Remember the film “Saving Private Ryan”? Big director: Steven Spielberg. Big star: Tom Hanks. Made tons of money. Won widespread critical acclaim. Well, it’s back. True, the film was never gone from theaters that long--only a few months as it turned out--but the folks at DreamWorks SKG have decided to re-release the movie Friday in about 1,000 theaters nationwide. Which naturally raises the question: Why? Wasn’t it only last July 24 that people flocked to see Hanks lead American GIs onto the beaches of Normandy in one of the most realistic World War II movies ever made? Is it because there has been considerable Oscar buzz of late over Miramax Films’ “Shakespeare in Love”? Or is it because 20th Century Fox released its own World War II movie, “The Thin Red Line,” at Christmas and that film is currently in theaters? In short, is DreamWorks feeling the competition? Neither, say studio executives. The re-release is simply a business decision that was made last fall. After a successful 16-week run, DreamWorks decided to remove “Saving Private Ryan” from theaters, wait awhile and then relaunch it early in 1999. “We didn’t want the movie diluted by the holiday movies coming in,” said DreamWorks distribution chief Jim Tharp. “We felt that if we came in with a new marketing campaign, there is still a lot of interest in people who had not seen the movie as well as people who saw it and might want to see it again.” A rival studio official agrees. “I think it’s all about how much more money is left in the picture that they haven’t got out yet,” he said. The film has grossed more than $190 million in North America alone.

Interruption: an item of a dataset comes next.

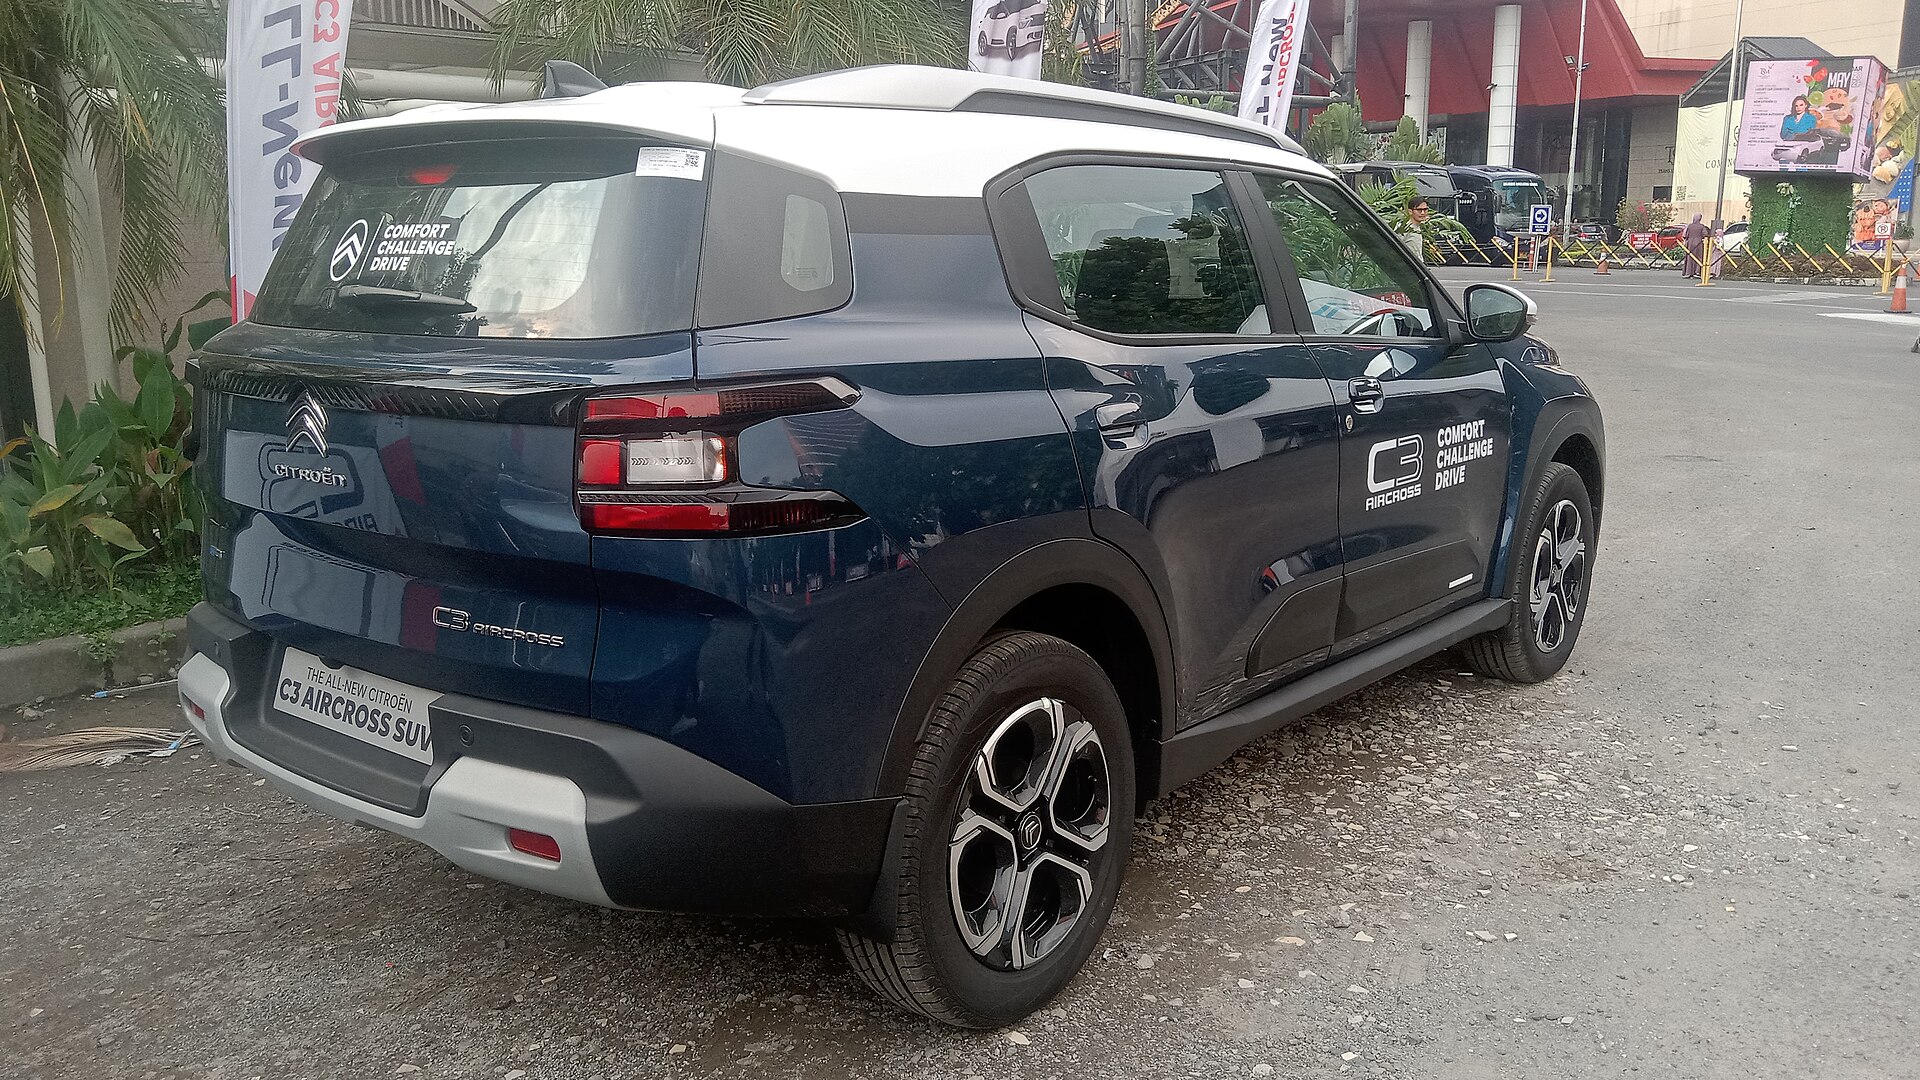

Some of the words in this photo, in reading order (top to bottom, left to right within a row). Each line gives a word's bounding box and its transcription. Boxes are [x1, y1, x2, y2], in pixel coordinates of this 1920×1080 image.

Remixing the Song Still Known as ‘1999’

Parties weren’t meant to last, but don’t tell that to the Artist Formerly Known as Prince. On Tuesday, the reclusive funk star releases “1999: The New Master,” a disc containing a new remastering and six alternate remixes of the apocalyptic party song “1999.” The 1982 hit was de rigueur at New Year’s Eve parties last month and the Purple One performed some of the new versions a few days later at an exclusive Las Vegas concert, but will music buyers shell out between $9 and $11 for a disc featuring 35 minutes of one song? “I think they will,” says Bob Feterl, regional manager of Tower Records. “There’s a ton of interest, and it’ll build through the year as 2000 gets closer.” Those millennium mavens may, however, just buy the 1982 version, recently re-released as a single by Prince’s old label, Warner Records. The new remastering sounds superior, says music critic and Prince biographer Jon Bream, but the six accompanying reworkings sound surprisingly dated. “He is now as far out of touch as he was once ahead of the game,” Bream said. “I don’t know that younger or forward-thinking music fans are going to embrace this effort.”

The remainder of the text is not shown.